Weight's still the same, thank goodness! You'd understand why I say that if you'd seen what I ate yesterday. But, trying to do damage control, I didn't eat all afternoon and just had LS peaches and cream oatmeal and green tea with honey (3 points total) for dinner just before 7pm to get me through the night and I FORCED myself to do 2 1/2 miles on my treadmill in the afternoon. Usually when I have a bad eating day, I don't make myself exercise so I did good, heh. Probably, had I not done the exercise, I would be up about 2 pounds this morning.
Okay, bowling with the gang this morning. Maybe lunch out at Applebee's. No other plans. Maybe I see some more walking on my treadmill later, who knows? Have a great day!
Progress as of today - 3.6 lbs lost so far, only 20.2 lbs to go!
Actually it is coming off pretty fast! Although, it's probably just that water weight, ya think? A lot of water weight. Down 4.2 pounds in 2 days. I wish it would keep going that way. I did well with the food yesterday, although it got a little shaky after dinner.

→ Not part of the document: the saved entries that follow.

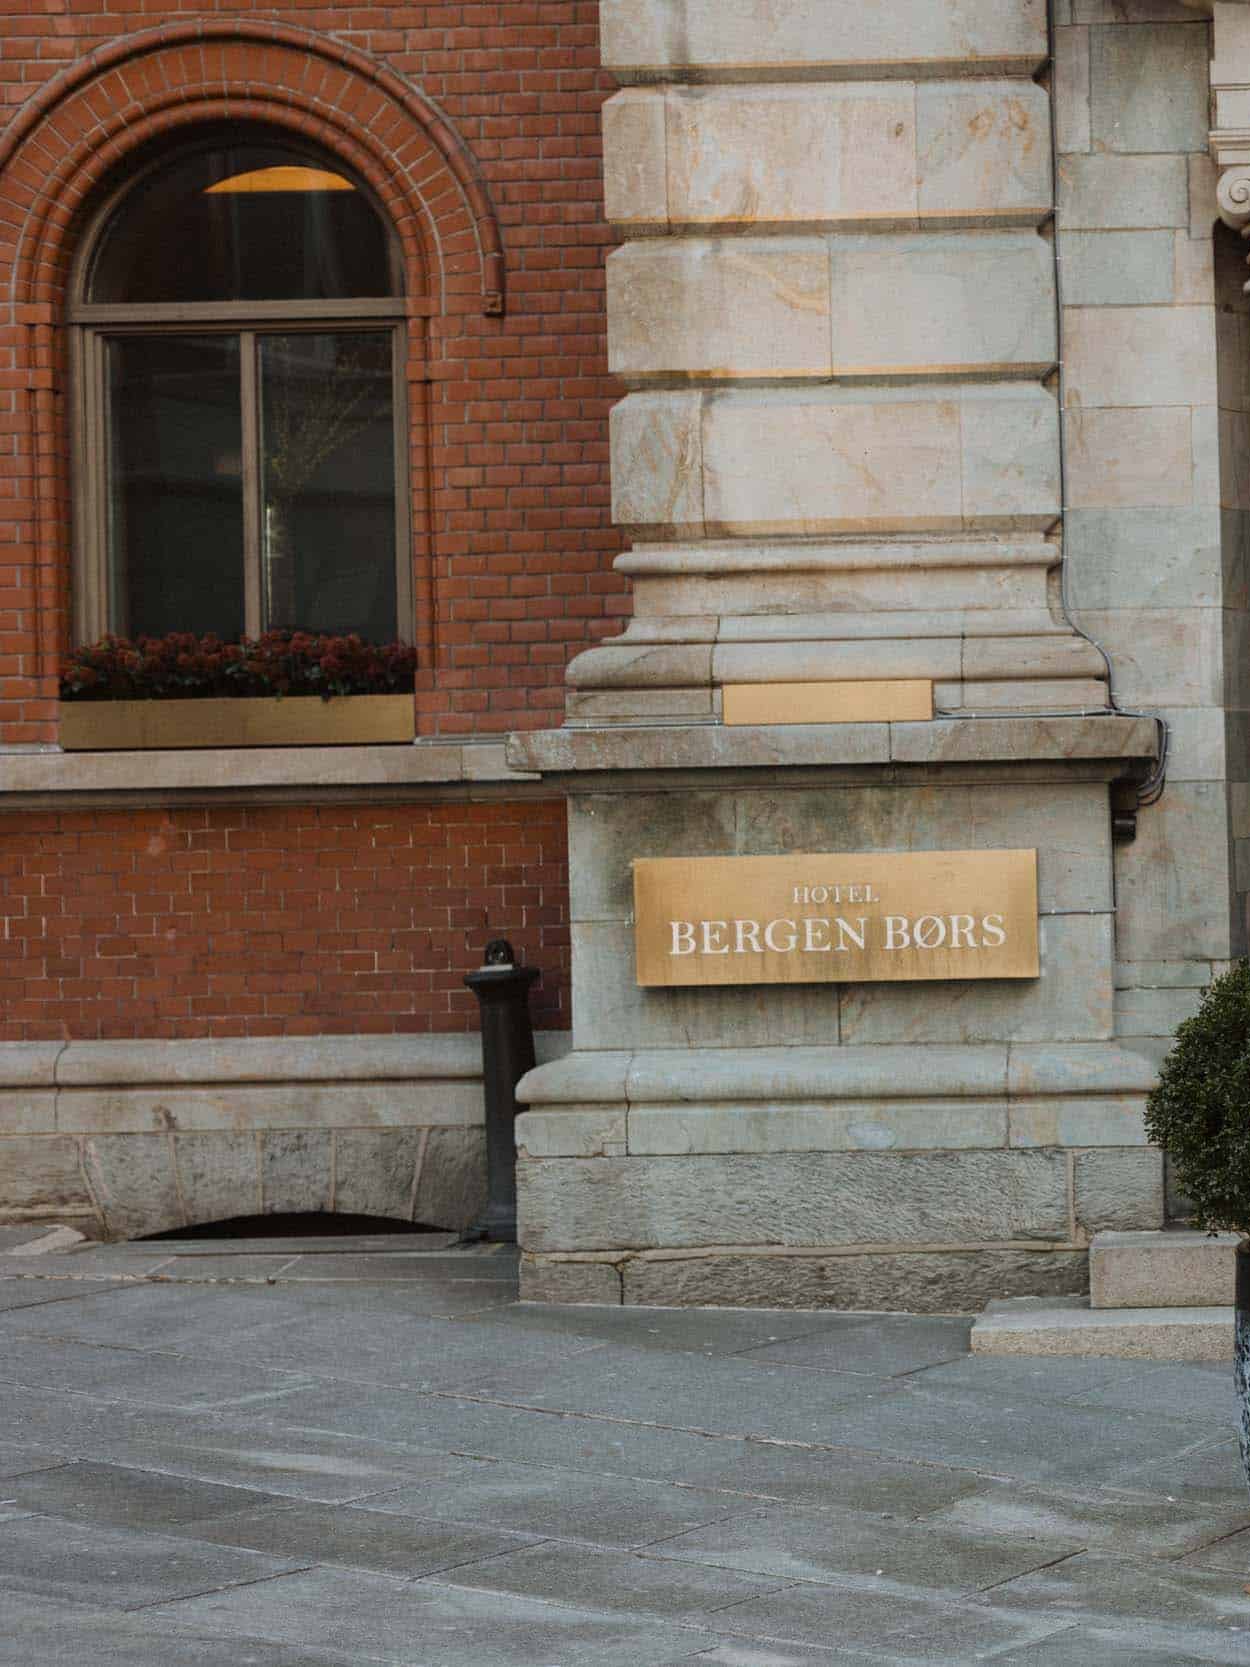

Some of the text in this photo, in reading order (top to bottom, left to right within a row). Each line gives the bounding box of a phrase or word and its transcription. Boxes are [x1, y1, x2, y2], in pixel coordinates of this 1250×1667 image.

[792, 884, 879, 904] HOTEL
[669, 913, 1007, 955] BERGEN BØRS
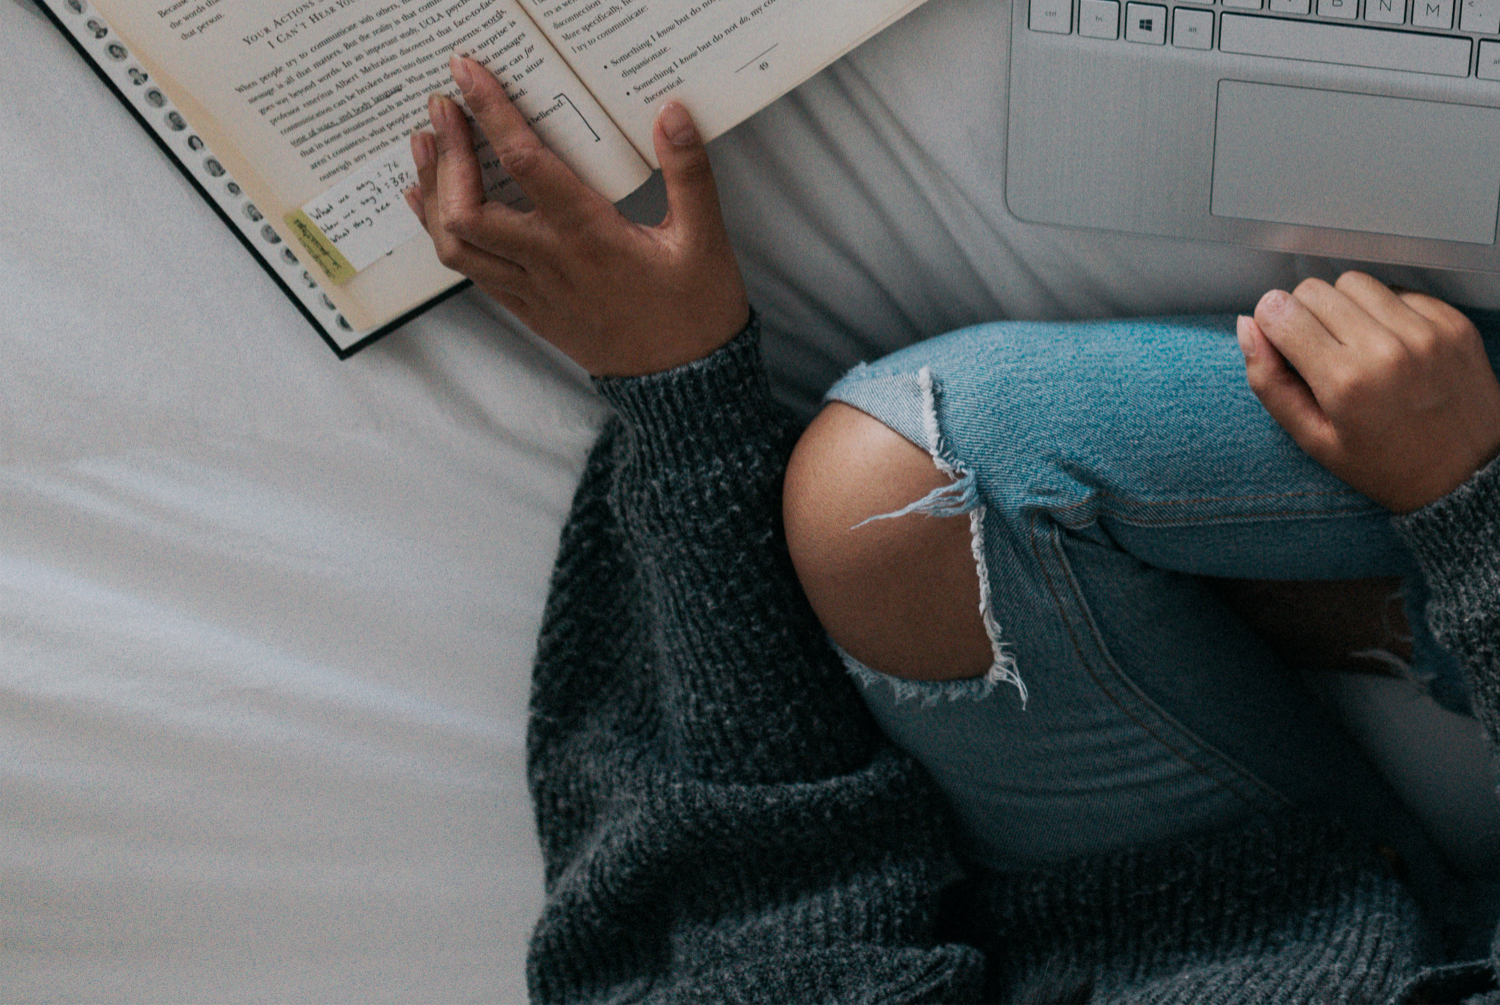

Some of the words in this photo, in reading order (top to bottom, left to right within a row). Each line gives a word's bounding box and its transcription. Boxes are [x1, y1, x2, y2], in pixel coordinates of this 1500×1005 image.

[1426, 3, 1440, 17] M
[267, 41, 275, 49] I
[759, 62, 769, 71] 49
[310, 204, 333, 220] What
[330, 228, 350, 243] What

I was already full, didn't need more, but the Ritz crackers started whining for me and I ate a bunch of those, didn't even count them, then I topped it off with a pb&j sandwich. Yuck! Way too full. And there's the "WHY"? I just don't think, it's like something takes over my mind. At least I had lots of water and exercise. Besides the 2 miles of walking I did go bowling by myself for 4 games in 45 minutes. My arms and shoulders are falling off right now, at least, I wish they were. Couldn't sleep last night well with all the pain. Monday's exercise started affecting me yesterday afternoon. Ouch! My legs are fine, it's just my shoulders and arms and abs. Got an appointment for labwork this morning at 9, I didn't get up at 6 again, I think I'm taking the day off to recuperate. I'll try to be good though. Have a great day!

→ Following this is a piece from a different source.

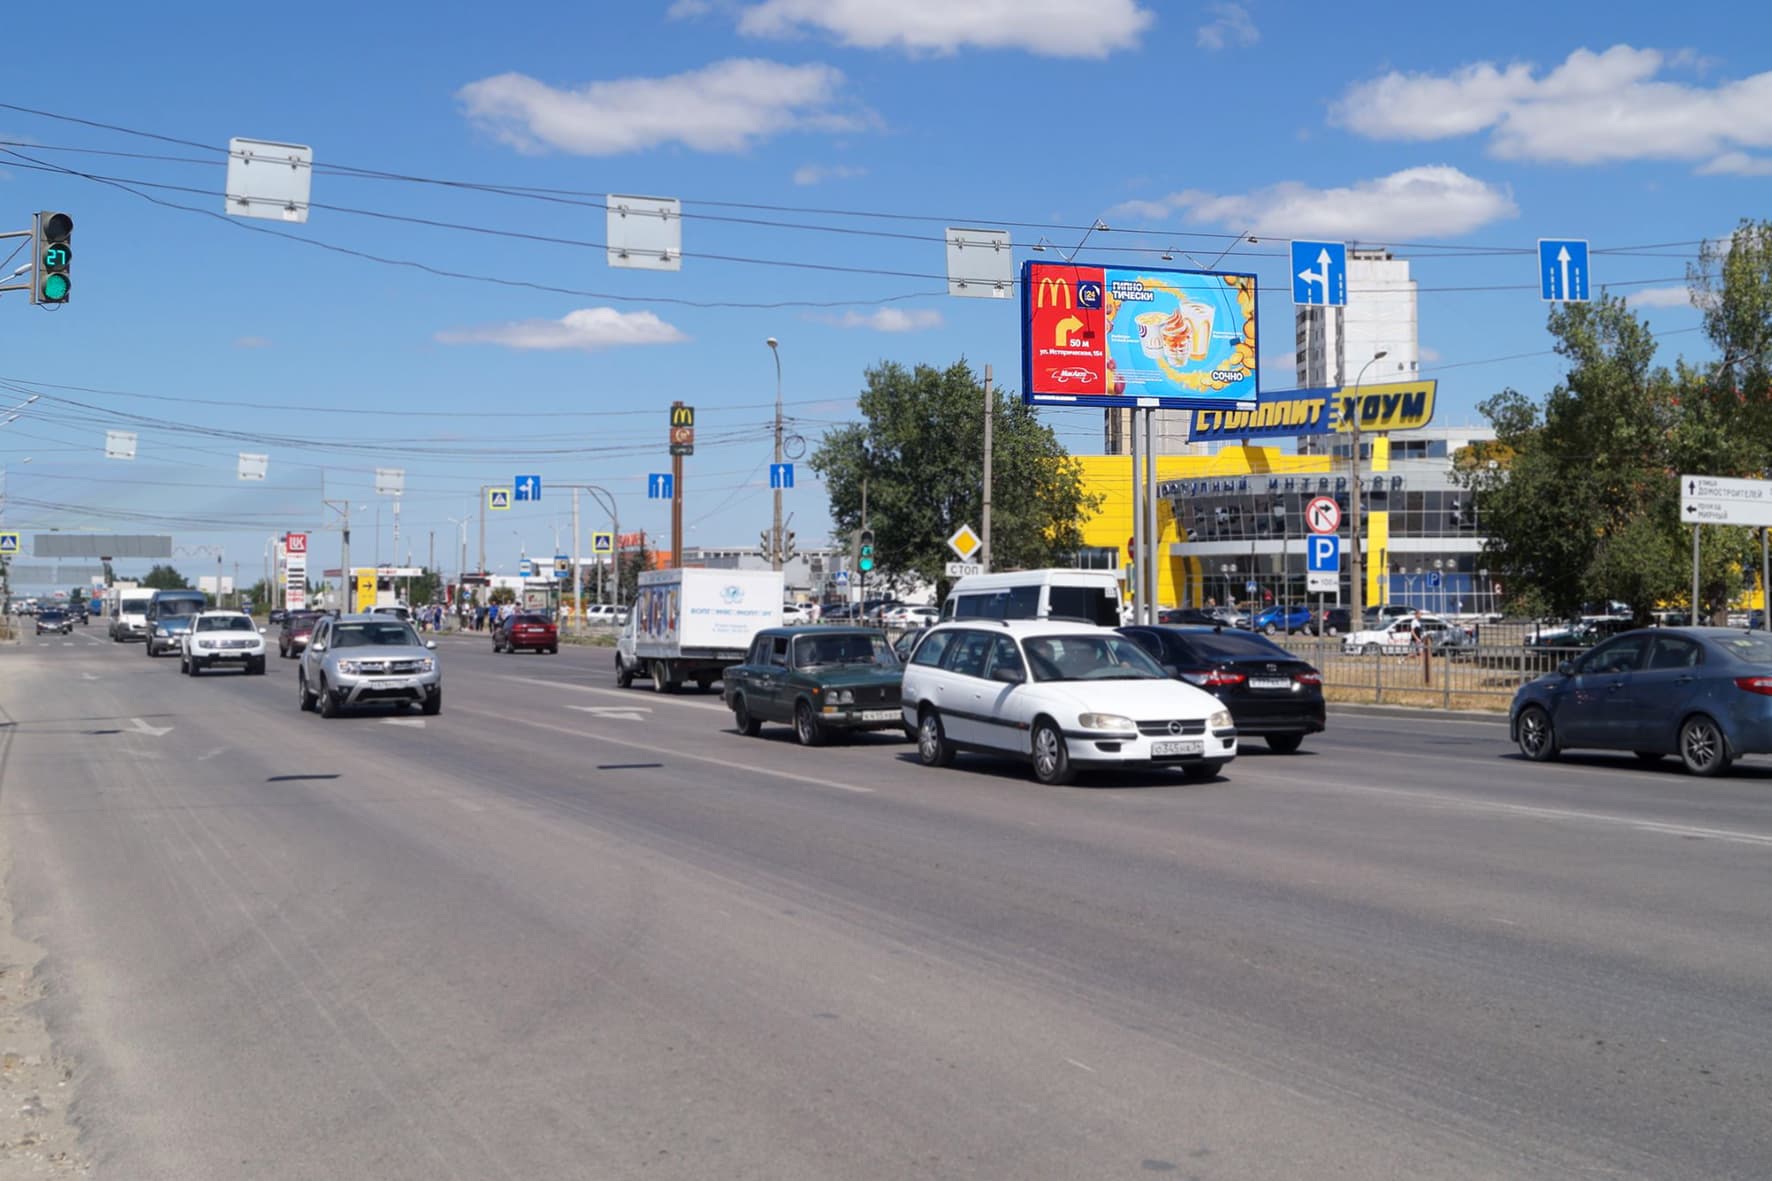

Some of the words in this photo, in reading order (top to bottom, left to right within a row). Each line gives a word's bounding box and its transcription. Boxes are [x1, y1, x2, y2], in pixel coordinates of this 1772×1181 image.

Progress as of today - 3.6 lbs lost so far, only 20.2 lbs to go!
Good morning! I'm doing okay so far. Lost some of that water weight. I got up at 6am again and did 2 miles on my treadmill. Yesterday was good. I did the yoga, it takes about 45 minutes, did some things around the house, the usual morning stuff, then had brekky, rested and then did 2 miles on the treadmill. Well, remember how I said I was going to try that 5K training thing? Okay, I walked briskly for 5 minutes, as it said, then did 60 seconds of running at only 3.8mph, and then you're supposed to do 90 seconds of walking, then 60 seconds of running, and so on until you reach a total of 20 minutes. Well, it took me 5 minutes after the first running to catch my breath!! So I guess I need to work my way up to that. This morning I did most of the walking at 3.4mph and cranked it up to 3.8 every 5 minutes but just fast-walked, no running. I could handle that. Maybe next week, I'll try doing more at 3.8 or even 4.0. My eating was good all day (had a few times when I REALLY wanted to chuck it all and cheat) 26 points, 3 fruits, 2 veggies, supposed to be just the opposite, more than 100 oz of water. Oh, after lunch, I went out in the pool for about 45 minutes. I had to clean it first and that's good arm exercise. Which reminds me, I did some ab crunches and arm exercises in the morning too. I have my own hand weights, various sizes.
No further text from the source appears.